START SUPPLIED ENTRIES
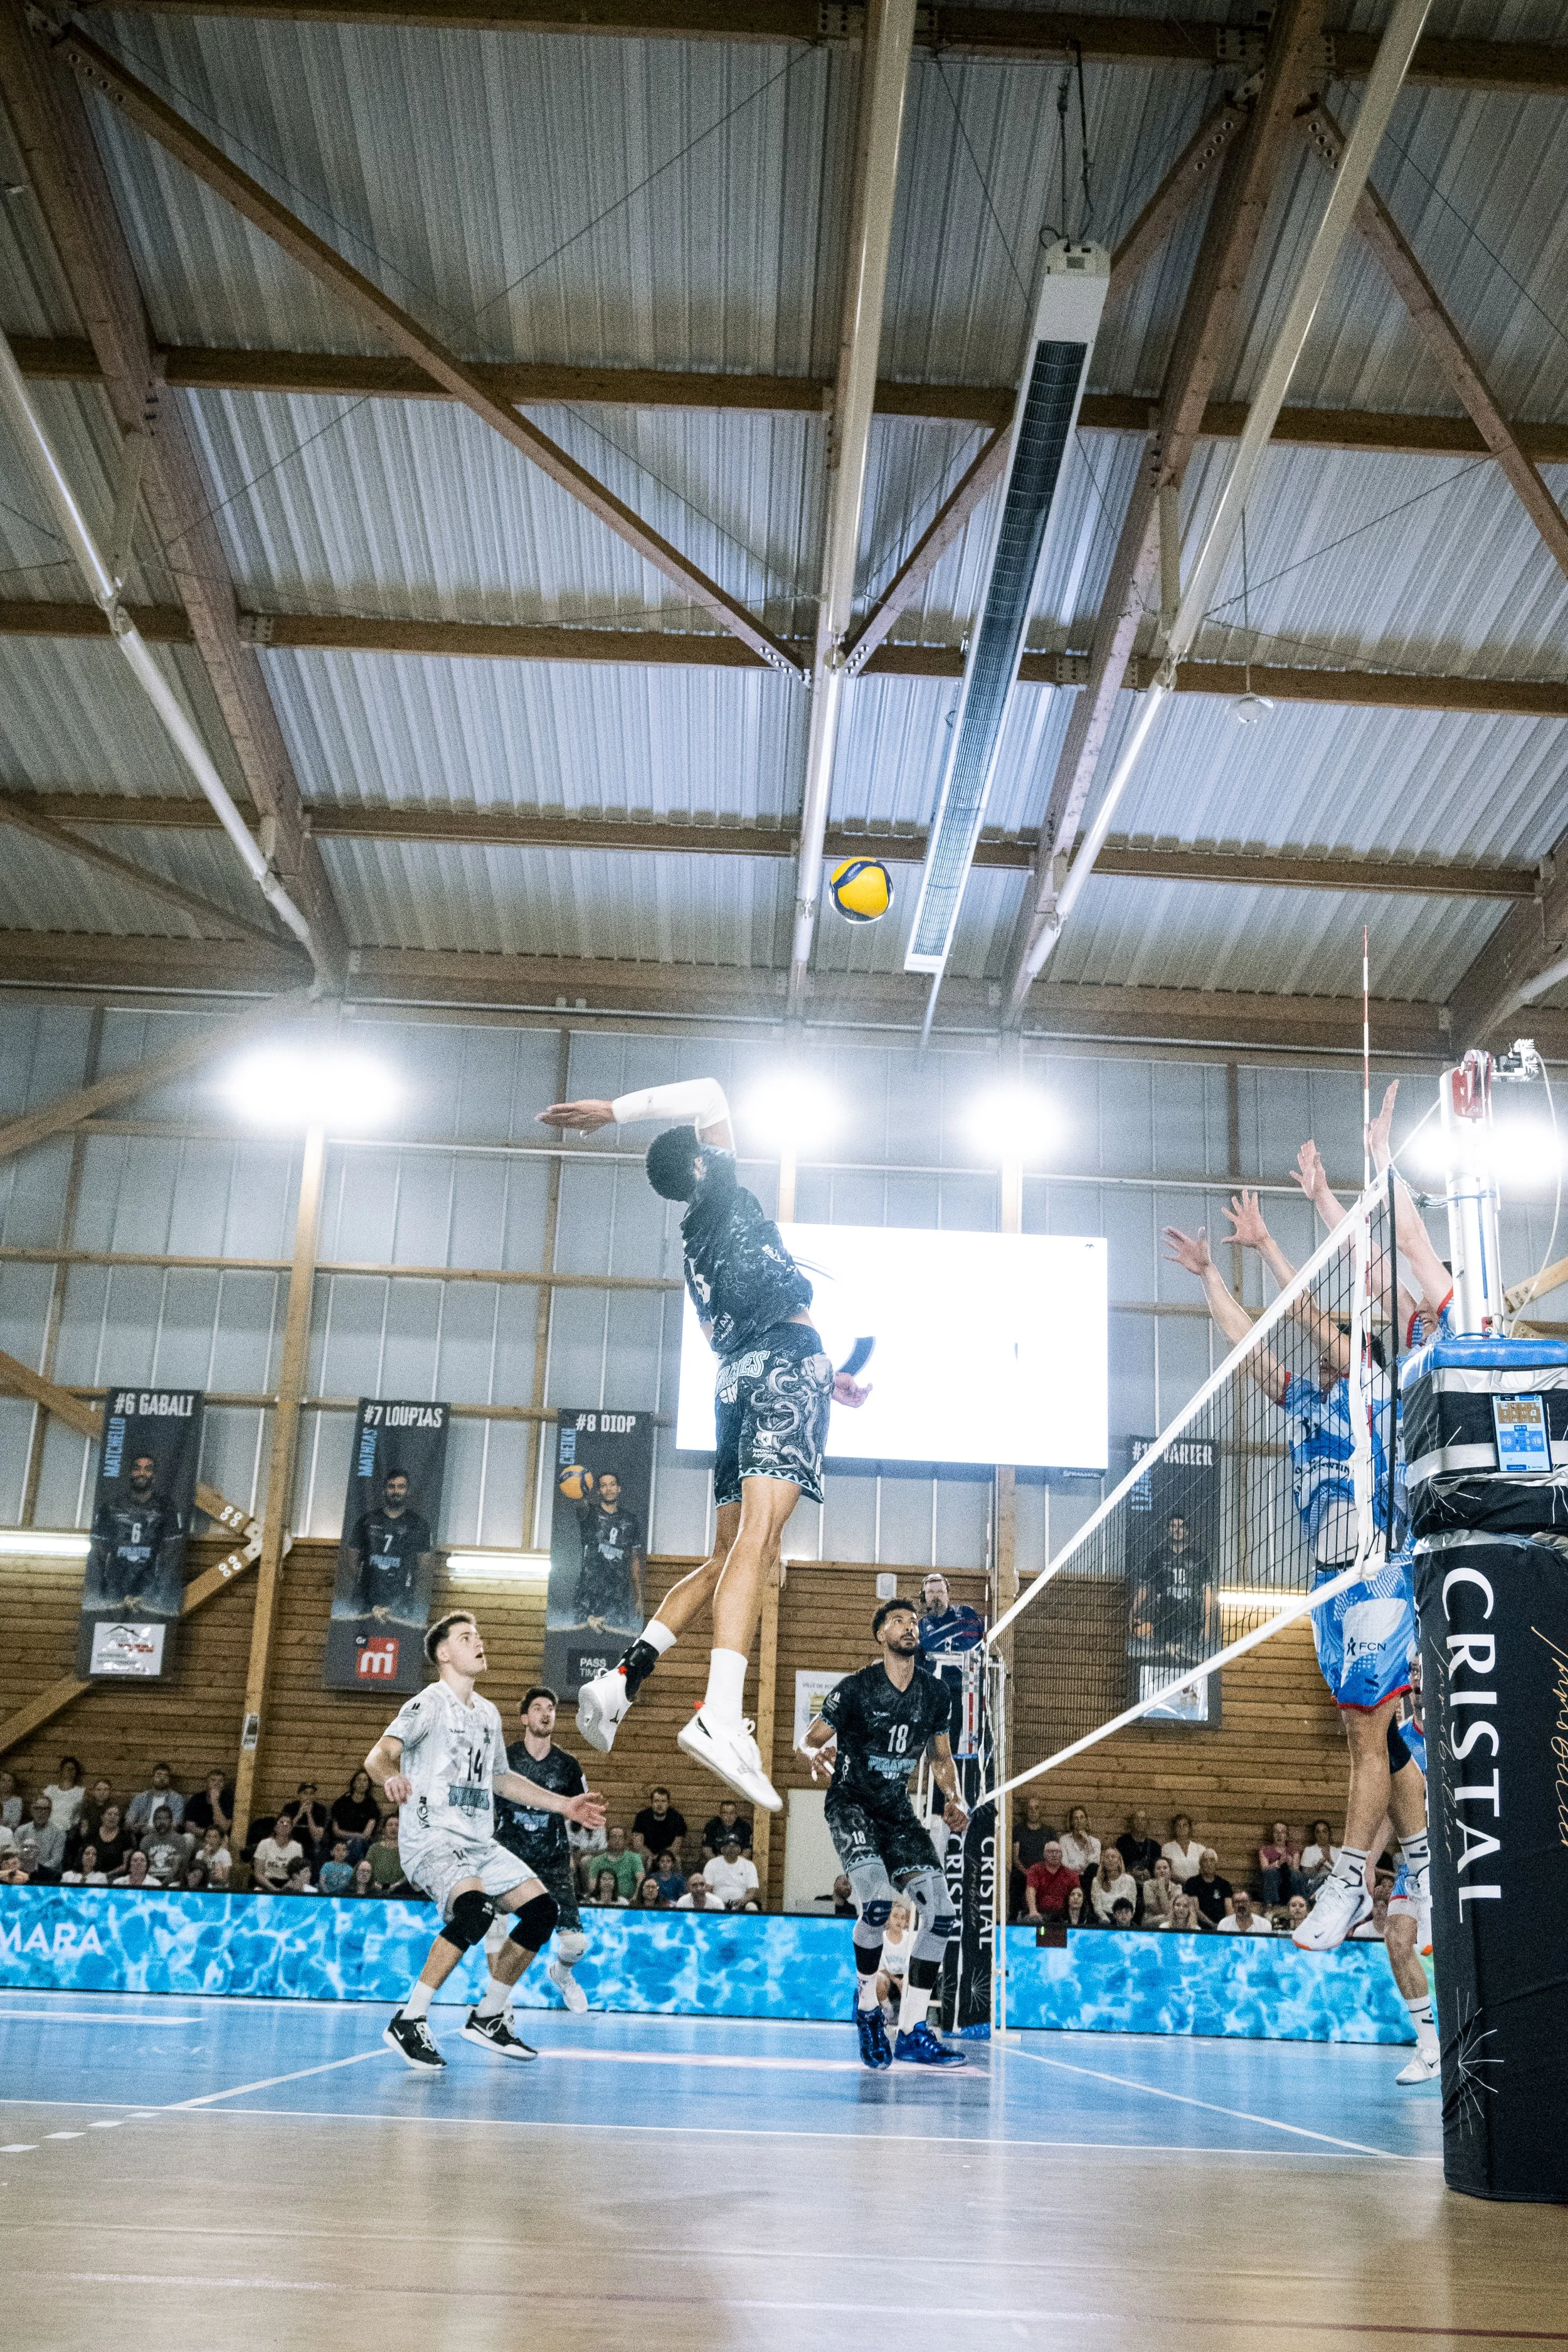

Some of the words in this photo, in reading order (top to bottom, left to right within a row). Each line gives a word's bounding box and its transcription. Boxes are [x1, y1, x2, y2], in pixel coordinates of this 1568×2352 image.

[114, 1392, 136, 1414] #6
[139, 1394, 194, 1416] GABALI
[364, 1405, 383, 1426] #7
[385, 1406, 443, 1428] LOUPIAS
[576, 1414, 596, 1432] #8
[600, 1414, 636, 1433] DIOP
[357, 1428, 378, 1477] MATHIAS
[383, 1534, 393, 1553] 7
[1359, 1642, 1386, 1651] FCN
[360, 1643, 394, 1674] mi
[580, 1658, 607, 1668] PASS
[887, 1725, 909, 1754] 18
[1442, 1567, 1502, 1924] CRISTAL
[467, 1747, 484, 1783] 14
[852, 1831, 867, 1845] 18
END SUPPLIED ENTRIES
Please retype the data exactly. The pictures do not go in.

**WRITTEN RESPONSE:**
Some of the words in this photo, in reading order (top to bottom, left to right within a row). Each line gives a word's bounding box and its transcription. Boxes are [x1, y1, x2, y2], in pixel coordinates of this 1568×2352 image.

[114, 1392, 136, 1414] #6
[139, 1394, 194, 1416] GABALI
[364, 1405, 383, 1426] #7
[385, 1406, 443, 1428] LOUPIAS
[576, 1414, 596, 1432] #8
[600, 1414, 636, 1433] DIOP
[357, 1428, 378, 1477] MATHIAS
[383, 1534, 393, 1553] 7
[1359, 1642, 1386, 1651] FCN
[360, 1643, 394, 1674] mi
[580, 1658, 607, 1668] PASS
[887, 1725, 909, 1754] 18
[1442, 1567, 1502, 1924] CRISTAL
[467, 1747, 484, 1783] 14
[852, 1831, 867, 1845] 18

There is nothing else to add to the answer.